# Problem description
From the line with "Some of the text" to the line with "this 1288×966 image.", output every line below exactly, both ends included. Skip the pictures.

# Supplied data
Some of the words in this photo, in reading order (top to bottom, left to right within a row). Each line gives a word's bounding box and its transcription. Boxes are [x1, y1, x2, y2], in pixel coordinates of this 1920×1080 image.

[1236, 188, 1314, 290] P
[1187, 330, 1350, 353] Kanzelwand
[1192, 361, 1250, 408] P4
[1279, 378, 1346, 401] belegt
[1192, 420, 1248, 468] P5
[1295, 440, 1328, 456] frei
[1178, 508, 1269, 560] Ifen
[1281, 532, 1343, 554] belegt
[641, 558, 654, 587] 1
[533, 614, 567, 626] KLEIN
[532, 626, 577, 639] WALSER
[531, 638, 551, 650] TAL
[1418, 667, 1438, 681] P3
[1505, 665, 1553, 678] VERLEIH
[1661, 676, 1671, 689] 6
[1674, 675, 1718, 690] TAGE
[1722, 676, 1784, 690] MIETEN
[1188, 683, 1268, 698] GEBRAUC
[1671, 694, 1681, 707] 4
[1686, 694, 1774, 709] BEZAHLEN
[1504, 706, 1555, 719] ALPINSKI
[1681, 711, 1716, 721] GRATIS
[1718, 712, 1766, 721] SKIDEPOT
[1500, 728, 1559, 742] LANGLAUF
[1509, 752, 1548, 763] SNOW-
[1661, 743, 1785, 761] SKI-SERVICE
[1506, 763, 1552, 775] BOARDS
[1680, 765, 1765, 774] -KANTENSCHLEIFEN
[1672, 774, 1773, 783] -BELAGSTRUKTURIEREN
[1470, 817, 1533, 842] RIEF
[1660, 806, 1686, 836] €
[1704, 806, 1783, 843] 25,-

...

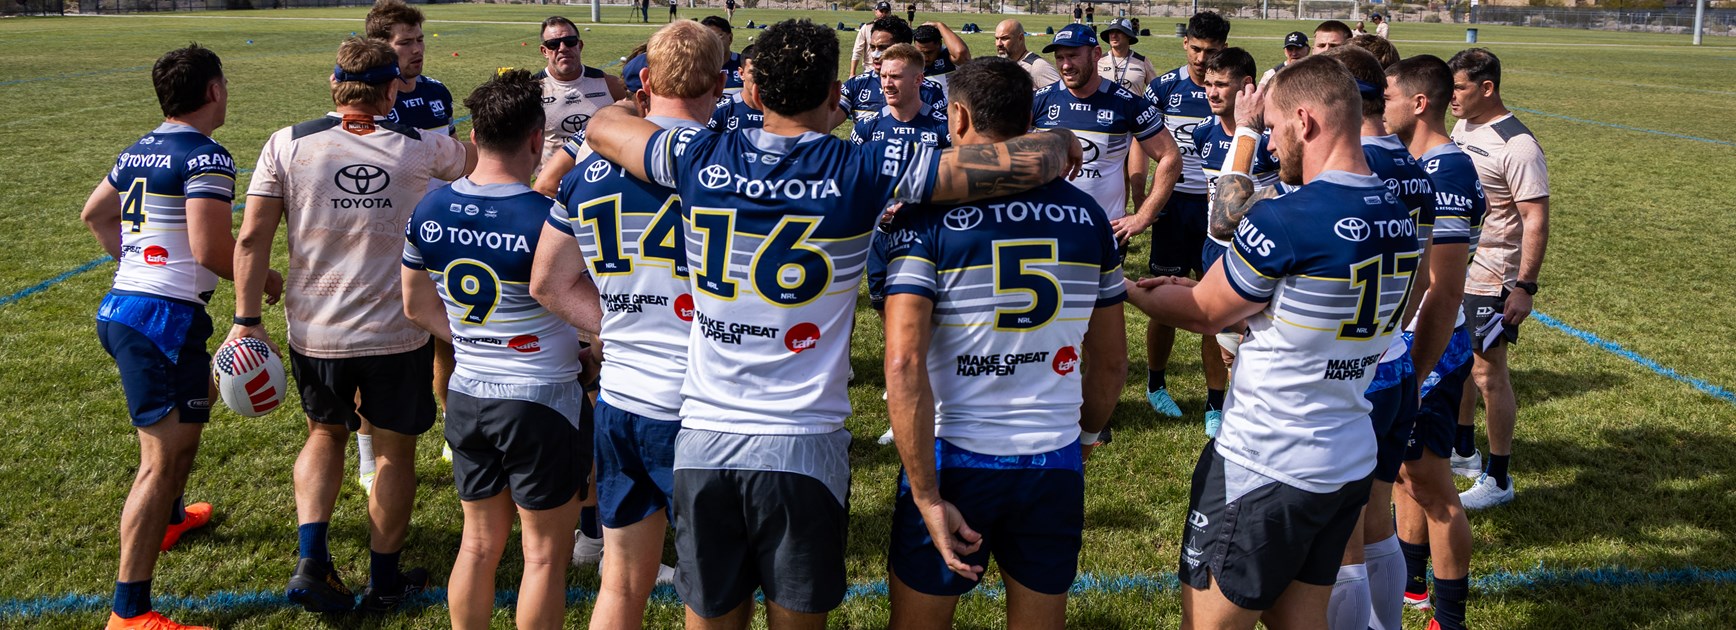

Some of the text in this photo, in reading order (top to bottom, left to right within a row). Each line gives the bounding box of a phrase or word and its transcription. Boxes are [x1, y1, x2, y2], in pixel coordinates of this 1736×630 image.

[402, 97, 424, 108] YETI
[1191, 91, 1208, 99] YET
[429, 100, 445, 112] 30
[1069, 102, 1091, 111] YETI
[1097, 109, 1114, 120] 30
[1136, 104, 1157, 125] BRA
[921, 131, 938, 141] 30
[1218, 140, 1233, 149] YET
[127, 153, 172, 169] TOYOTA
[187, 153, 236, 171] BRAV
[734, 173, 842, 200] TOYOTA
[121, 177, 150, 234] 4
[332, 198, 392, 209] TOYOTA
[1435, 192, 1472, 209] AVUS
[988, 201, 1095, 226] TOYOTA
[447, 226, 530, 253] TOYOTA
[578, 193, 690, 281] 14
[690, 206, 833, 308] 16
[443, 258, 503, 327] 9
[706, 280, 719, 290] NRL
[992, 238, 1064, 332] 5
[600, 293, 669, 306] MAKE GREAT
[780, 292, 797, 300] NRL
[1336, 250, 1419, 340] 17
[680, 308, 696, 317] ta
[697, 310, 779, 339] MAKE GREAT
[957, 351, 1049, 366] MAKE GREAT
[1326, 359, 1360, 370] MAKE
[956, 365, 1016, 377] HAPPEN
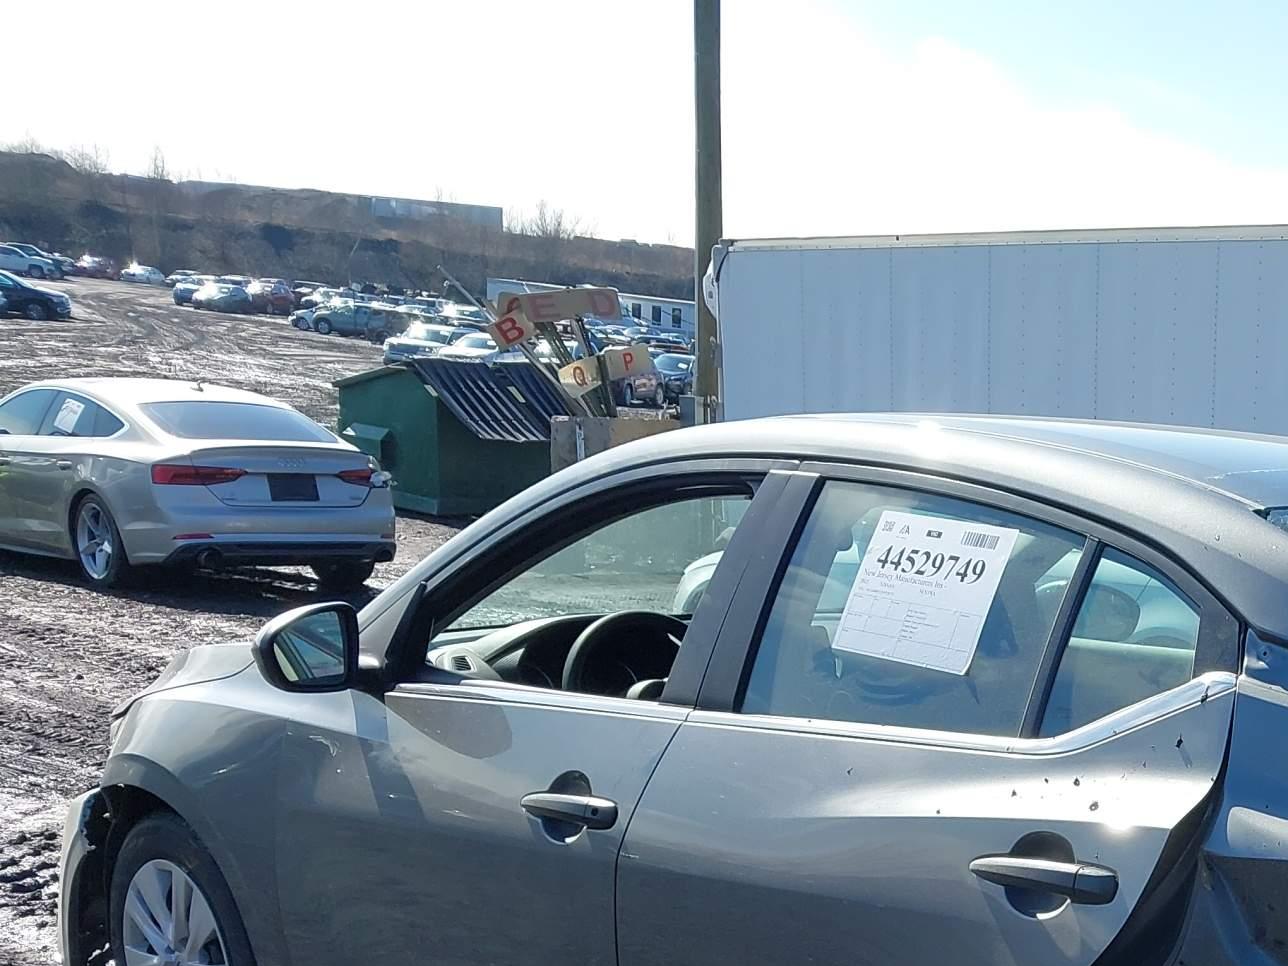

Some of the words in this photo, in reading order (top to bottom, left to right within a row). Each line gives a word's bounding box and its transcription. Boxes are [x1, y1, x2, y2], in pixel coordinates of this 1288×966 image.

# Answer below
Some of the text in this photo, in reading order (top to bottom, left to right within a row). Each line gives the bounding box of a phrase or word and its transcription. Boxes are [x1, y1, x2, y2], in pixel coordinates of this 1736×630 image.

[402, 97, 424, 108] YETI
[1191, 91, 1208, 99] YET
[429, 100, 445, 112] 30
[1069, 102, 1091, 111] YETI
[1097, 109, 1114, 120] 30
[1136, 104, 1157, 125] BRA
[921, 131, 938, 141] 30
[1218, 140, 1233, 149] YET
[127, 153, 172, 169] TOYOTA
[187, 153, 236, 171] BRAV
[734, 173, 842, 200] TOYOTA
[121, 177, 150, 234] 4
[332, 198, 392, 209] TOYOTA
[1435, 192, 1472, 209] AVUS
[988, 201, 1095, 226] TOYOTA
[447, 226, 530, 253] TOYOTA
[578, 193, 690, 281] 14
[690, 206, 833, 308] 16
[443, 258, 503, 327] 9
[706, 280, 719, 290] NRL
[992, 238, 1064, 332] 5
[600, 293, 669, 306] MAKE GREAT
[780, 292, 797, 300] NRL
[1336, 250, 1419, 340] 17
[680, 308, 696, 317] ta
[697, 310, 779, 339] MAKE GREAT
[957, 351, 1049, 366] MAKE GREAT
[1326, 359, 1360, 370] MAKE
[956, 365, 1016, 377] HAPPEN

Some of the words in this photo, in reading order (top to bottom, left to right within a row). Each line gives a word's bounding box and its transcription. Boxes are [x1, y1, x2, y2], in pixel coordinates of this 1288×966 image.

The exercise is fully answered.